Stray cats prowling the ruins of ancient Rome can rest easy on their marble pedestals — a feline colony tucked away near the spot where Julius Caesar was murdered is no longer threatened with closure.
“These cats are not up for debate, they are part of the history of Rome,” mayor Gianni Alemanno said on a visit on Tuesday to the refuge, which currently looks after around 250 cats, providing them with food and vaccinations.
“This is a praiseworthy, historical, wonderful enterprise. The feline colony must not be hounded out. Woe to those who lay a finger on the cats,” he said.

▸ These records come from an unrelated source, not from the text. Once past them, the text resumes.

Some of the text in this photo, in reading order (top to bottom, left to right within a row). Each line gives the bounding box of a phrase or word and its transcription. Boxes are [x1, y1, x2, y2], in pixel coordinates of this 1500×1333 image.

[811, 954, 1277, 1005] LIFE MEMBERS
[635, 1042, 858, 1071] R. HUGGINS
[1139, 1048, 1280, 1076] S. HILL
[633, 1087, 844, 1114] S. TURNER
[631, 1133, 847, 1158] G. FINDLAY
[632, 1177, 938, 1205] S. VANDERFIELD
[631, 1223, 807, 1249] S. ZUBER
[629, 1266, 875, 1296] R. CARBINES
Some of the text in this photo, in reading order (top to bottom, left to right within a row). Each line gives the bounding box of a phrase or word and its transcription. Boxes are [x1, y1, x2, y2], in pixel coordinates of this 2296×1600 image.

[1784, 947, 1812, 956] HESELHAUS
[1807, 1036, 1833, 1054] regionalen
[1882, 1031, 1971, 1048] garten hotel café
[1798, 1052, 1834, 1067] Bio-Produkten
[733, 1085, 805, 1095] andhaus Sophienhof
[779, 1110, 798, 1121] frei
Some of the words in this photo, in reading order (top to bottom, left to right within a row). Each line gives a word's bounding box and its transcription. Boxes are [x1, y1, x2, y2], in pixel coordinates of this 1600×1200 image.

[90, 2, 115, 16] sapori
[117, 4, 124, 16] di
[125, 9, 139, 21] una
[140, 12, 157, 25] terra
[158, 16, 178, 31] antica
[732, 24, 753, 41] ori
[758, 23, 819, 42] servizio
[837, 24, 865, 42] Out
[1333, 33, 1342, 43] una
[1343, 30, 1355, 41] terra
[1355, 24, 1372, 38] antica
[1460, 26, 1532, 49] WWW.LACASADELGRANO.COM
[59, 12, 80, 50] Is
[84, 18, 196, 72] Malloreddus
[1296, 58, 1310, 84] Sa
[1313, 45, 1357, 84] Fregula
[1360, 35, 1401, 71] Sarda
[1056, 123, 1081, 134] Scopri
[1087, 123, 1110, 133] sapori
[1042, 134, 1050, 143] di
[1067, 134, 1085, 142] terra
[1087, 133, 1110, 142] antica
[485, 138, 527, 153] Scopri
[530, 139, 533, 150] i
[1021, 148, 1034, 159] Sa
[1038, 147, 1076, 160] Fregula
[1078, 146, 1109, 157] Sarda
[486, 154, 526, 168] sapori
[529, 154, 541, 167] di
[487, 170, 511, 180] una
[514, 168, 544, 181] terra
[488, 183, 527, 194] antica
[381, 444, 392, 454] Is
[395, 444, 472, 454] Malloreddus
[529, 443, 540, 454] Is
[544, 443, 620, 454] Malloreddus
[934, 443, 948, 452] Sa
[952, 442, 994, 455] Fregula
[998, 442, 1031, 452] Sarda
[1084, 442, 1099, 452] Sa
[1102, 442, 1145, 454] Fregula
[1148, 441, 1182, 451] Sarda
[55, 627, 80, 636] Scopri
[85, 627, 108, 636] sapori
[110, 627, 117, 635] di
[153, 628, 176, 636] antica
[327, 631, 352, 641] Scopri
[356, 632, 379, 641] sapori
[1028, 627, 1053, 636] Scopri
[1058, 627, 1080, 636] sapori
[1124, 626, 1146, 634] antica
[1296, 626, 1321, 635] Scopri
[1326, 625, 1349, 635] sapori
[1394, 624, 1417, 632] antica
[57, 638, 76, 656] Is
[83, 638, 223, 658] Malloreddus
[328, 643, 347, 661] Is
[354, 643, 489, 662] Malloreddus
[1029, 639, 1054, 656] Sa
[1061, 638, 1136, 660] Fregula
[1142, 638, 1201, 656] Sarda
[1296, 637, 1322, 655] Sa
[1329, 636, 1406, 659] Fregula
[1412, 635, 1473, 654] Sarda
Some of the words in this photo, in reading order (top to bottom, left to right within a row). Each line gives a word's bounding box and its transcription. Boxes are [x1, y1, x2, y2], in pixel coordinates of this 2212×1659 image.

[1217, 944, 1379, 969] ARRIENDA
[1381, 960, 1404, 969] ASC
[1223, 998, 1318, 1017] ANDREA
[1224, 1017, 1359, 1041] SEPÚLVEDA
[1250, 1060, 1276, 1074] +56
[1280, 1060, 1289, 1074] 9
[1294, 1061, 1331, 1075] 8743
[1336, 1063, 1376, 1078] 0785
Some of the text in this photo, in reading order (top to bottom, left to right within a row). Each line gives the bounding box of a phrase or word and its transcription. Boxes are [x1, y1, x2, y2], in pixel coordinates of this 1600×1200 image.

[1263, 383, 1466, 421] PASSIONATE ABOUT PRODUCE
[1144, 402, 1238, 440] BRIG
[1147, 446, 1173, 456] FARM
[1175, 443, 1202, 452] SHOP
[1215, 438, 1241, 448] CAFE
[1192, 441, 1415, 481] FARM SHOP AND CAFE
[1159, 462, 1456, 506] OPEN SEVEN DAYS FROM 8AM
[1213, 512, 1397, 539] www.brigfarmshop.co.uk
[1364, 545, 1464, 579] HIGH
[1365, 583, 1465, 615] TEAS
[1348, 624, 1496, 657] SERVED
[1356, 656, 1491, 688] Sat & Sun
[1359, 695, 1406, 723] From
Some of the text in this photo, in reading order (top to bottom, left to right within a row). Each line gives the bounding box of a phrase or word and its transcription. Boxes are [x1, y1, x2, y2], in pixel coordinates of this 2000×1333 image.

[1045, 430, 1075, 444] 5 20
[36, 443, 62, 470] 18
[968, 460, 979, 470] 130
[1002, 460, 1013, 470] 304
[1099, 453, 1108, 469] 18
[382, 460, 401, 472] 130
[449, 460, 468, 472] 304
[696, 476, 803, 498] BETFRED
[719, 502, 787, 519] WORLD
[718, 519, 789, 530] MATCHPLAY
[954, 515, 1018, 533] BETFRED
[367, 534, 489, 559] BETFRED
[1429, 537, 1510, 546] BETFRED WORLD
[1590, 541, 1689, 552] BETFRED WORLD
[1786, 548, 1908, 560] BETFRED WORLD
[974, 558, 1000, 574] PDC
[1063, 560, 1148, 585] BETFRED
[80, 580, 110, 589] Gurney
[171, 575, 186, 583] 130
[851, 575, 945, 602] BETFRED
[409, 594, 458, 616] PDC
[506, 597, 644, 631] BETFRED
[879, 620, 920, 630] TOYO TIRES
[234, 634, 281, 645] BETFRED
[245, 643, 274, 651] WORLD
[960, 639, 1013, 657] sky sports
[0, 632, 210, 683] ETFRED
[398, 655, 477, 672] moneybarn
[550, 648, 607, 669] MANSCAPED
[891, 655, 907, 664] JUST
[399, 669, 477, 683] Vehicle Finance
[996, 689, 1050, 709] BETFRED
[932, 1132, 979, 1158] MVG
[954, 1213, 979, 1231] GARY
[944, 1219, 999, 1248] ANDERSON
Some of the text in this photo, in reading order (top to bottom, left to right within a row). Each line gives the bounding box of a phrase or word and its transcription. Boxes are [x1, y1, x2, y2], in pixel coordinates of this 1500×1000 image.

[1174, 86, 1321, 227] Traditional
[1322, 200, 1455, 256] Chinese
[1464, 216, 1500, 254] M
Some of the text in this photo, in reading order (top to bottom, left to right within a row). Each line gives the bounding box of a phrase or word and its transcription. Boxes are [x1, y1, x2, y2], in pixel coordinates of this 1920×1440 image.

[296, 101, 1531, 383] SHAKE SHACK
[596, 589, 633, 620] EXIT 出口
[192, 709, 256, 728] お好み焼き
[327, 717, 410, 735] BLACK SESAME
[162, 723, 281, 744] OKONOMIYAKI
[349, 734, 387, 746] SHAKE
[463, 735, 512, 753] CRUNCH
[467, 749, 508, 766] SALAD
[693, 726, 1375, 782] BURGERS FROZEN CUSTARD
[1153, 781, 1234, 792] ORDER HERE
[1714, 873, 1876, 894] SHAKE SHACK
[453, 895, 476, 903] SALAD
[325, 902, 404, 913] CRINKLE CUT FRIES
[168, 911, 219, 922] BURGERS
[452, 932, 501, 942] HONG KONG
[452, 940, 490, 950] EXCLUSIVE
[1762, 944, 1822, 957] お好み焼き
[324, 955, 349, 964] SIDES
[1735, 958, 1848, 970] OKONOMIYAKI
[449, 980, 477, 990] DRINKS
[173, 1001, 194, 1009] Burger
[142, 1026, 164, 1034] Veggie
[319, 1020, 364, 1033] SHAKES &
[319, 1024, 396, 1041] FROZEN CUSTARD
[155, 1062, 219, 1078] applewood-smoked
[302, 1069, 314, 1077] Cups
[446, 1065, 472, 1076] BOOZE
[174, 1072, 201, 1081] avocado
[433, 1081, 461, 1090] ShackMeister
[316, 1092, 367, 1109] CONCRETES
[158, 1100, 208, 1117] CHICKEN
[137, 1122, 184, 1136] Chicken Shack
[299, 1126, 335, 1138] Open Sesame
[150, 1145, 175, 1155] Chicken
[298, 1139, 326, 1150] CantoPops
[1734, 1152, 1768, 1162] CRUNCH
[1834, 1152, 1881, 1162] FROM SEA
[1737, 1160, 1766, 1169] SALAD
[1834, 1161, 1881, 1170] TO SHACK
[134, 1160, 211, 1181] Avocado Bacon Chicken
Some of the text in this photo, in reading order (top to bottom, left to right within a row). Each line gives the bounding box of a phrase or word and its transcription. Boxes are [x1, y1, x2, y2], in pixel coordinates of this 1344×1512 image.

City heritage officials have been threatening to close down the sanctuary, which sits in an tiny, cave-like structure at one end of the ancient site where Marcus Brutus and his fellow mutineers stabbed Caesar to death.
Claims that the enclosure where sick cats are nursed back to health is unsanitary and was built without proper planning permission have been fiercely denied by the dozens of volunteers who help keep the project running.
They say that they found the unused space 19 years ago and transformed it from a damp and dark cavern into a home for abandoned cats, many of whom have lost limbs or eyes in car accidents, or are sterilised and put up for adoption.
The site has become a popular tourist attraction in its own right, with visitors who drop by to denote money or take photographs of the felines who sun themselves on the remains of pillars once part of the city’s imposing Senate.